The Cyprus PeacePlayers International program is led by a group of enthusiastic, kind, and motivated people, and is based in the U.N. Buffer Zone. When I arrived on Saturday morning, I saw a large group of kids vying for the attention of these leaders who clearly have taken the time to establish positive relationships and connect with all of them. After a couple of introductions, the crowd headed to Ledra Palace (the hotel-turned-barracks in the U.N. Buffer Zone that I described in one of my earlier posts). The guard opened the gate for us, and as we walked through the building I felt a fair amount of cognitive dissonance seeing U.N. soldiers surrounded by sweeping arches and other architectural hints of what was once the most lavish hotel in Cyprus. There is a fenced-in basketball court behind Ledra Palace that the PeacePlayers International program uses every month when the Greek Cypriot and Turkish Cypriot basketball teams come together to play. Once again, it was strange to see such a familiar setting lined with curls of barbed wire, but this is the reality of being in the U.N. Buffer Zone, and becomes somewhat less disconcerting with time.
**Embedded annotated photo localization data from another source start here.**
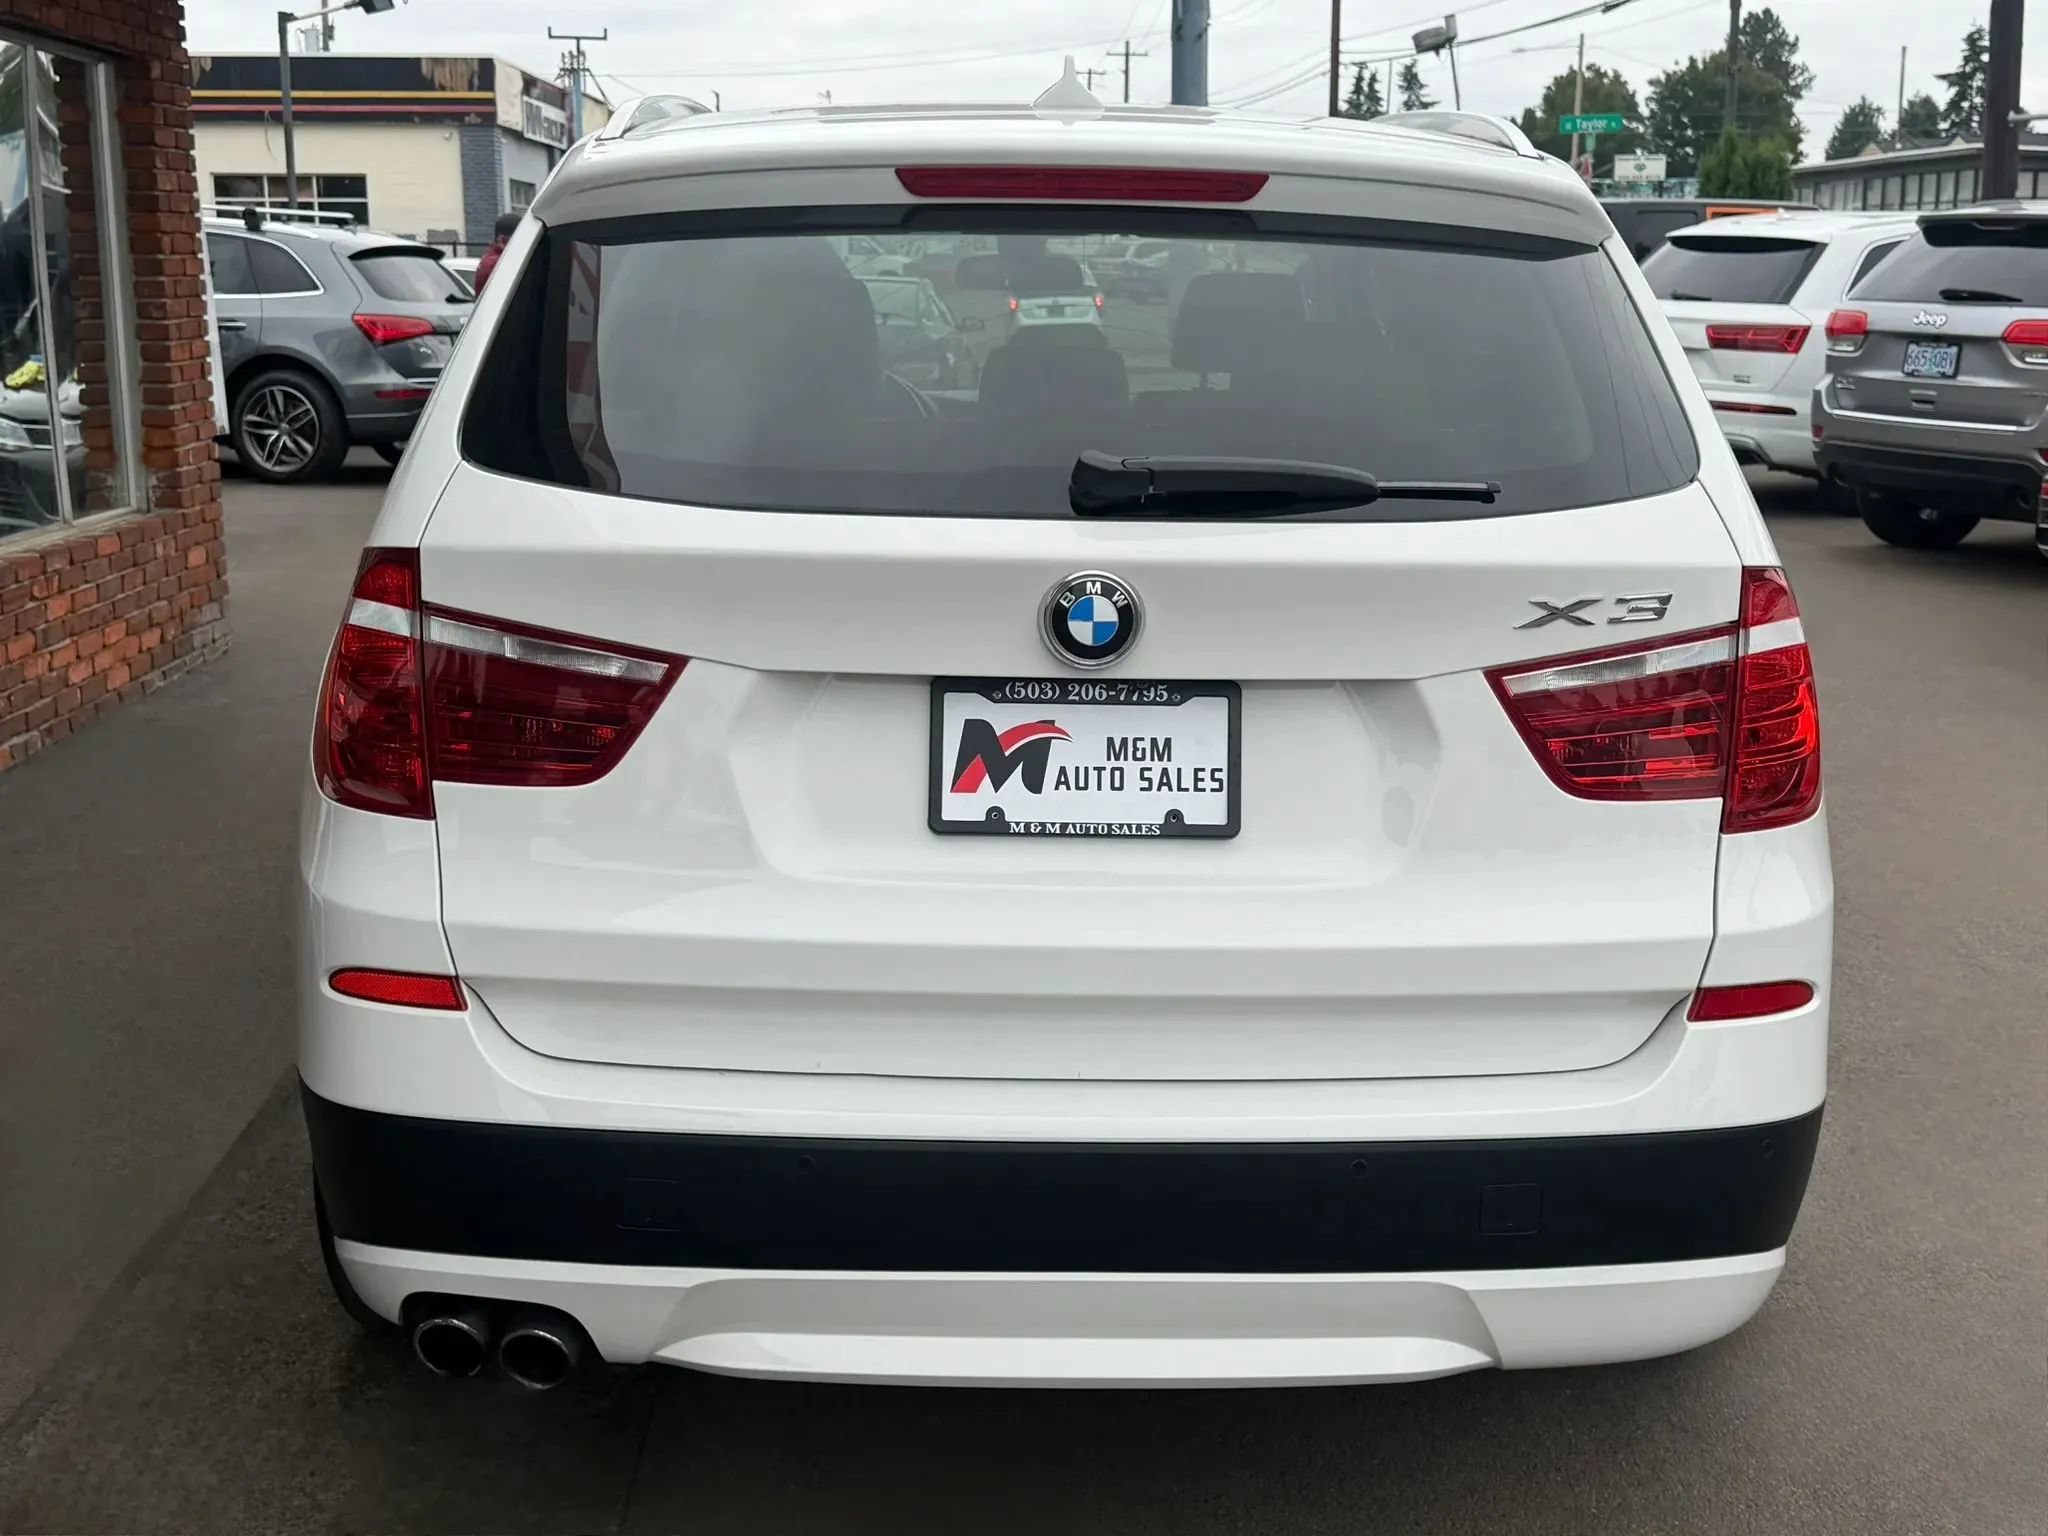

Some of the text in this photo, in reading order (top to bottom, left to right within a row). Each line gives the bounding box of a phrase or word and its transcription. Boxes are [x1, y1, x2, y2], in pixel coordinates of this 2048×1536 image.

[1575, 118, 1609, 131] Taylor
[1913, 309, 1947, 329] Jeep
[1059, 581, 1128, 609] BMW
[1512, 591, 1673, 630] X3
[1005, 681, 1061, 700] (503)
[1106, 736, 1173, 762] M&M
[1054, 765, 1225, 793] AUTO SALES
[1009, 822, 1161, 836] M & M AUTO SALES
As real as they may be, these physical indicators of the conflict in Cyprus quickly faded into the background, outshone by the energy, joy, and smiles of the Greek Cypriot and Turkish Cypriot kids and their families, gathered here together to make new friends and play basketball. The excitement was quite infectious, and I thoroughly enjoyed spending the rest of the day with my unearned title of “Ms. Coach” to two teams of boys and girls.
I don’t think I did much in improving the dribbling skills or foul shot percentages of my players, but I cheered them on during their games or teambuilding activities and tried to make sure everyone felt included and appreciated. Honestly, though, I think the kids themselves were the true leaders when it came to building friendships and working together. Most of them only spoke one language—Greek or Turkish—but they did their best to throw in some English and lots of high fives to get their point across to the other players on their team. I also have to give them a lot of credit for being so forgiving of my own language deficiencies and basketball shortcomings.
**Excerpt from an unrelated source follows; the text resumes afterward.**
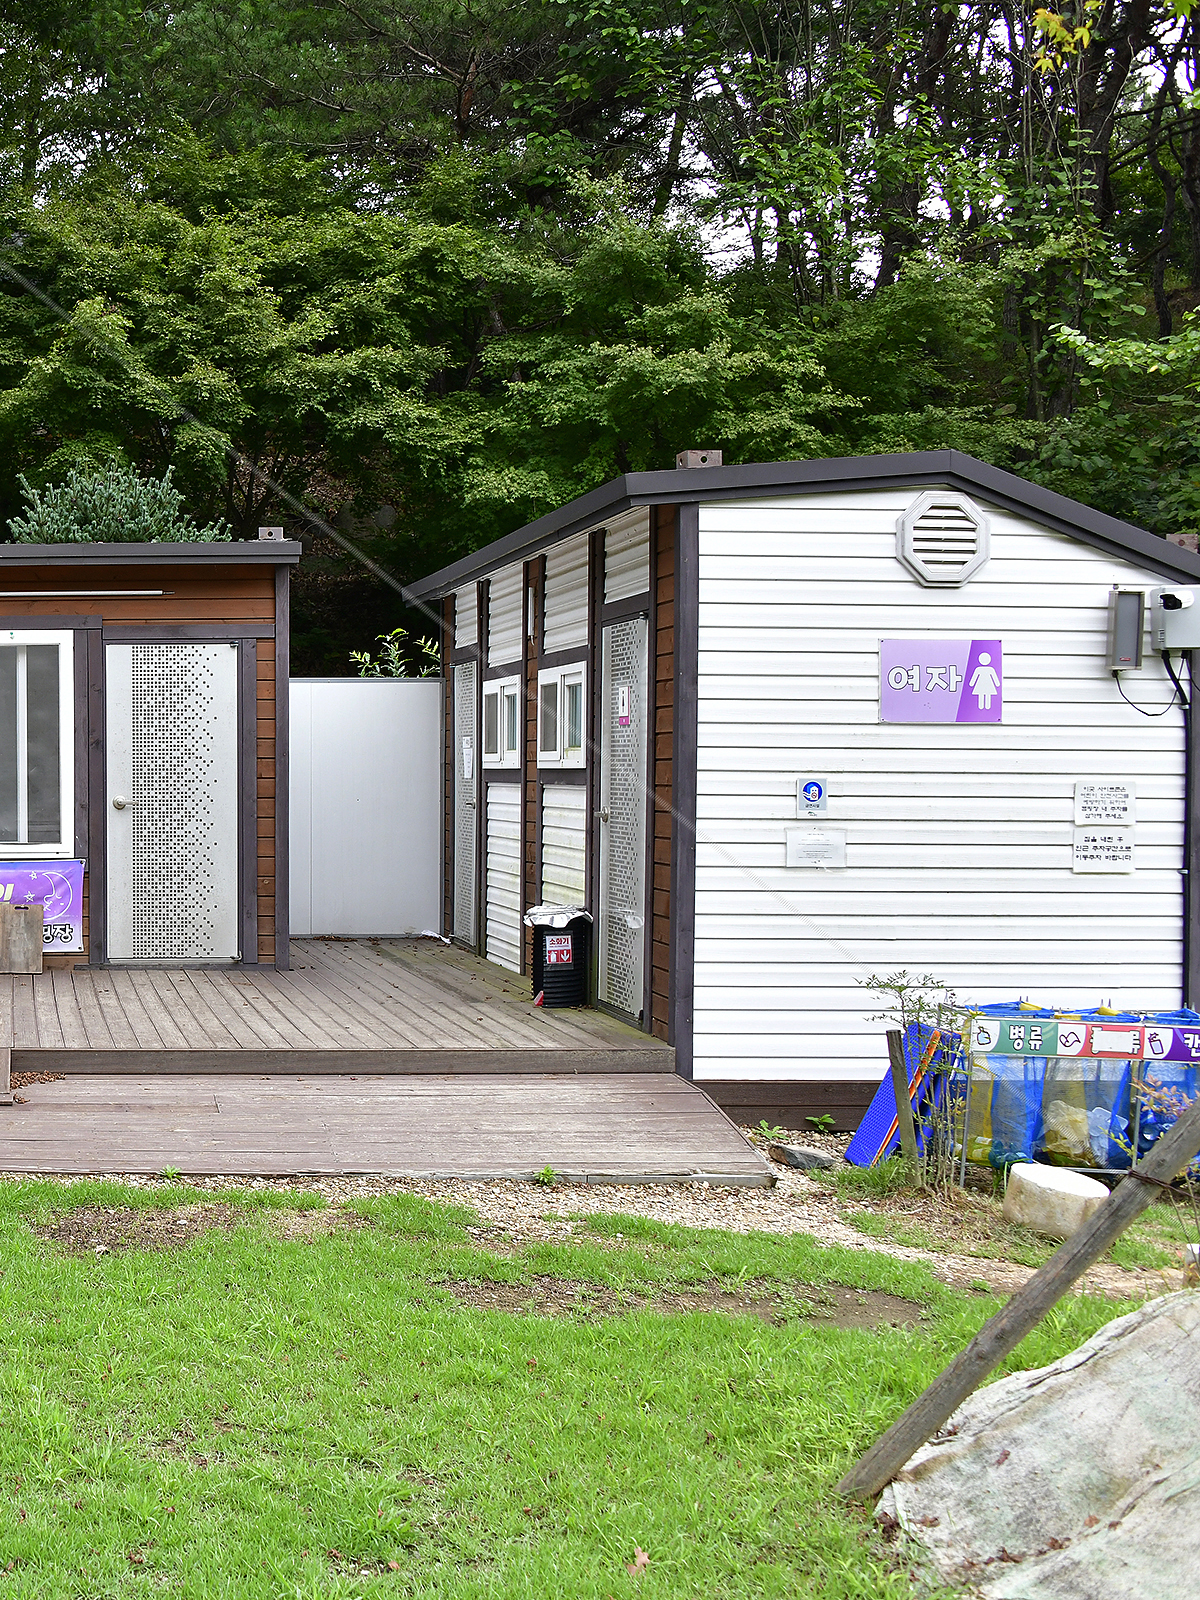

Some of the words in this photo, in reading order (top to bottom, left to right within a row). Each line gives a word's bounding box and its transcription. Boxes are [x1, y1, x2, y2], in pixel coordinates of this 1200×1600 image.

[887, 665, 963, 692] 여자
[549, 937, 569, 945] 소화기
[1009, 1025, 1043, 1051] 병류
So yeah, maybe a few times I accidently had seven of my players on the court at once, and maybe I can’t spin a basketball on my finger, but at the end of the day, PeacePlayers International is less about the actual basketball, and more about instilling the value of teamwork, developing friendships, and creating opportunities to bring people together. I’ve spent the last three months reading about what it takes for contact to bring about lasting positive changes, and the PeacePlayers International program in Cyprus seems to have managed to incorporate what many researchers consider the four essential conditions of a positive contact environment: equal group status, common goals, institutional/authority support, and cooperation.
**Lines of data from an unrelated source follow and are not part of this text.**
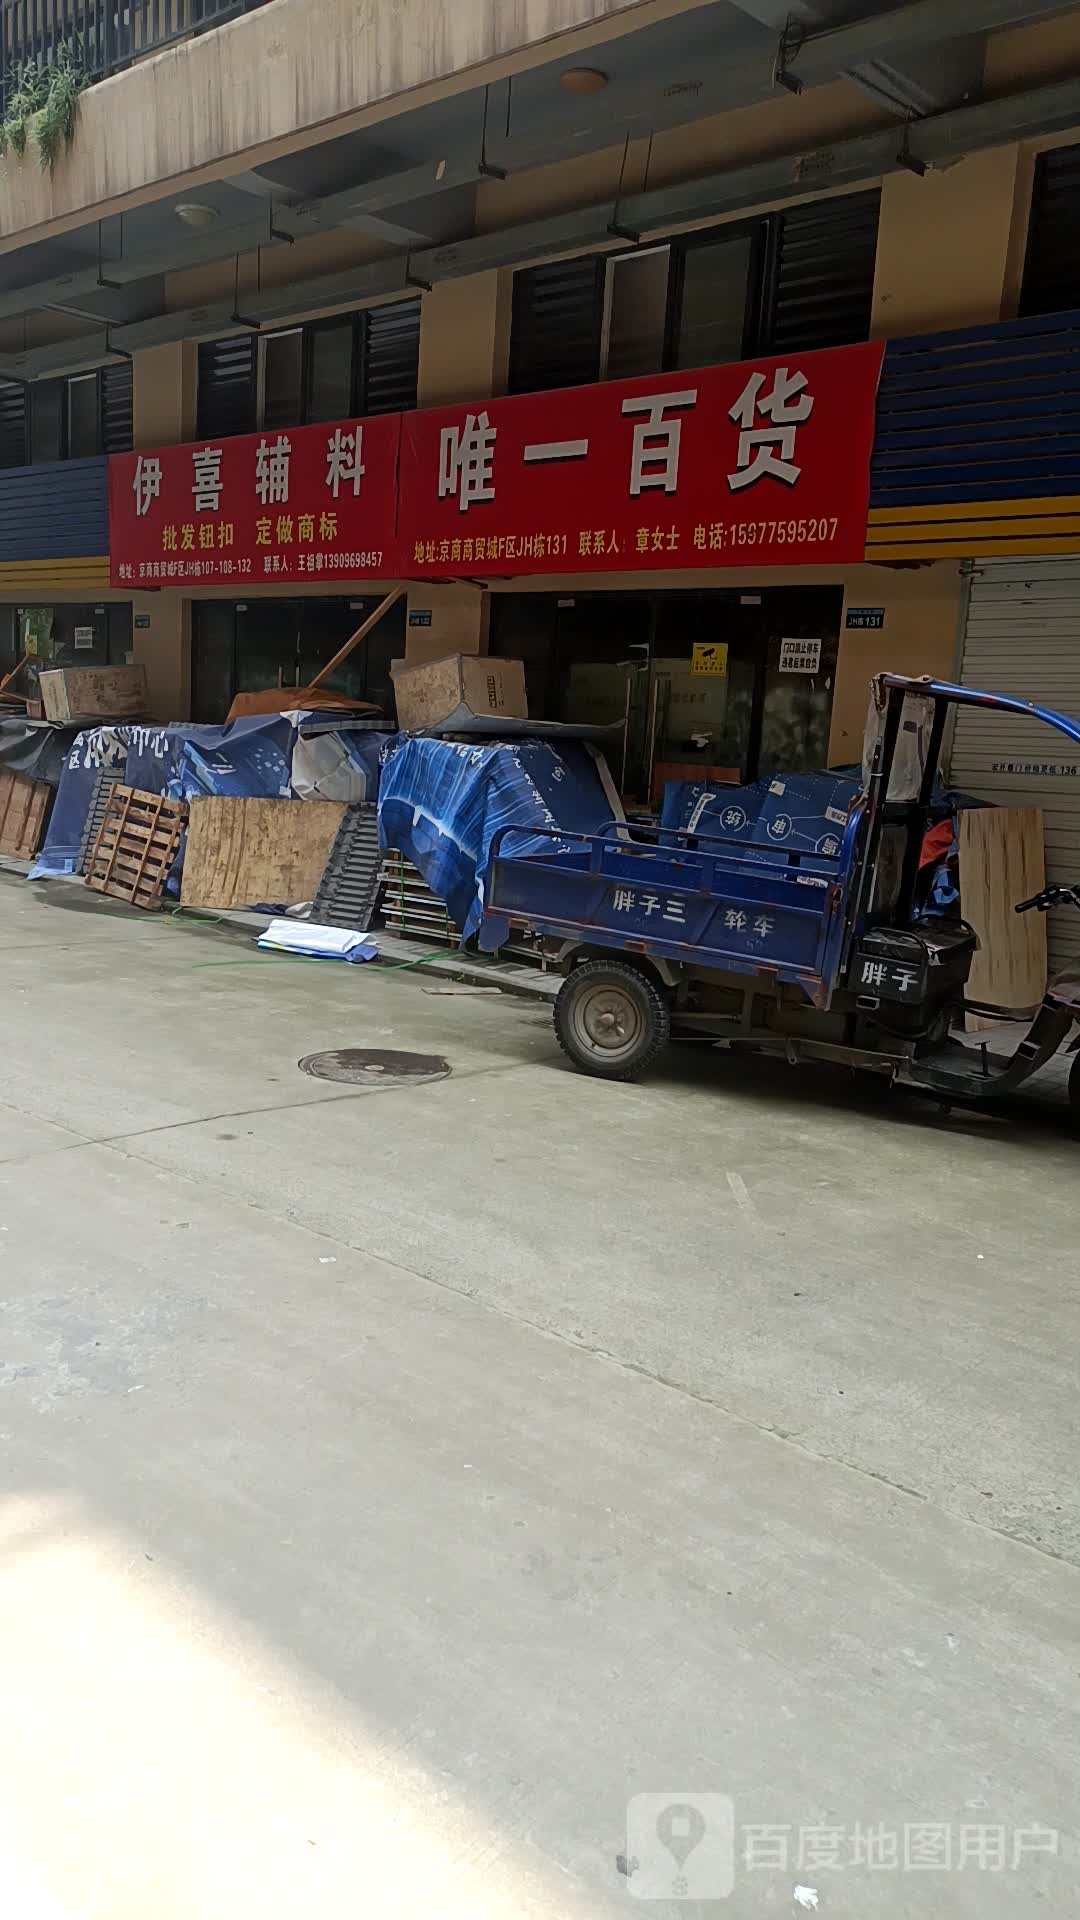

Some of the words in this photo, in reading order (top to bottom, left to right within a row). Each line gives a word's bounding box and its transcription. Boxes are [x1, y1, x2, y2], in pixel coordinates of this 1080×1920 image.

[438, 367, 815, 511] 唯一百货
[133, 426, 365, 516] 伊喜辅料
[162, 521, 234, 551] 批发钮扣
[255, 512, 338, 545] 定做商标
[612, 889, 776, 938] 胖子三轮车
[860, 961, 919, 991] 胖子
I couldn’t be more impressed with what the PeacePlayers International program is trying to accomplish in Cyprus and in other divided communities around the world, and I have faith in the Greek Cypriot and Turkish Cypriot kids who participate—faith that they will someday play a role in bringing the people of Cyprus together and will work toward creating a more peaceful island because of the lessons they learned on the basketball court with their fellow Cypriots. I can’t wait to volunteer again soon!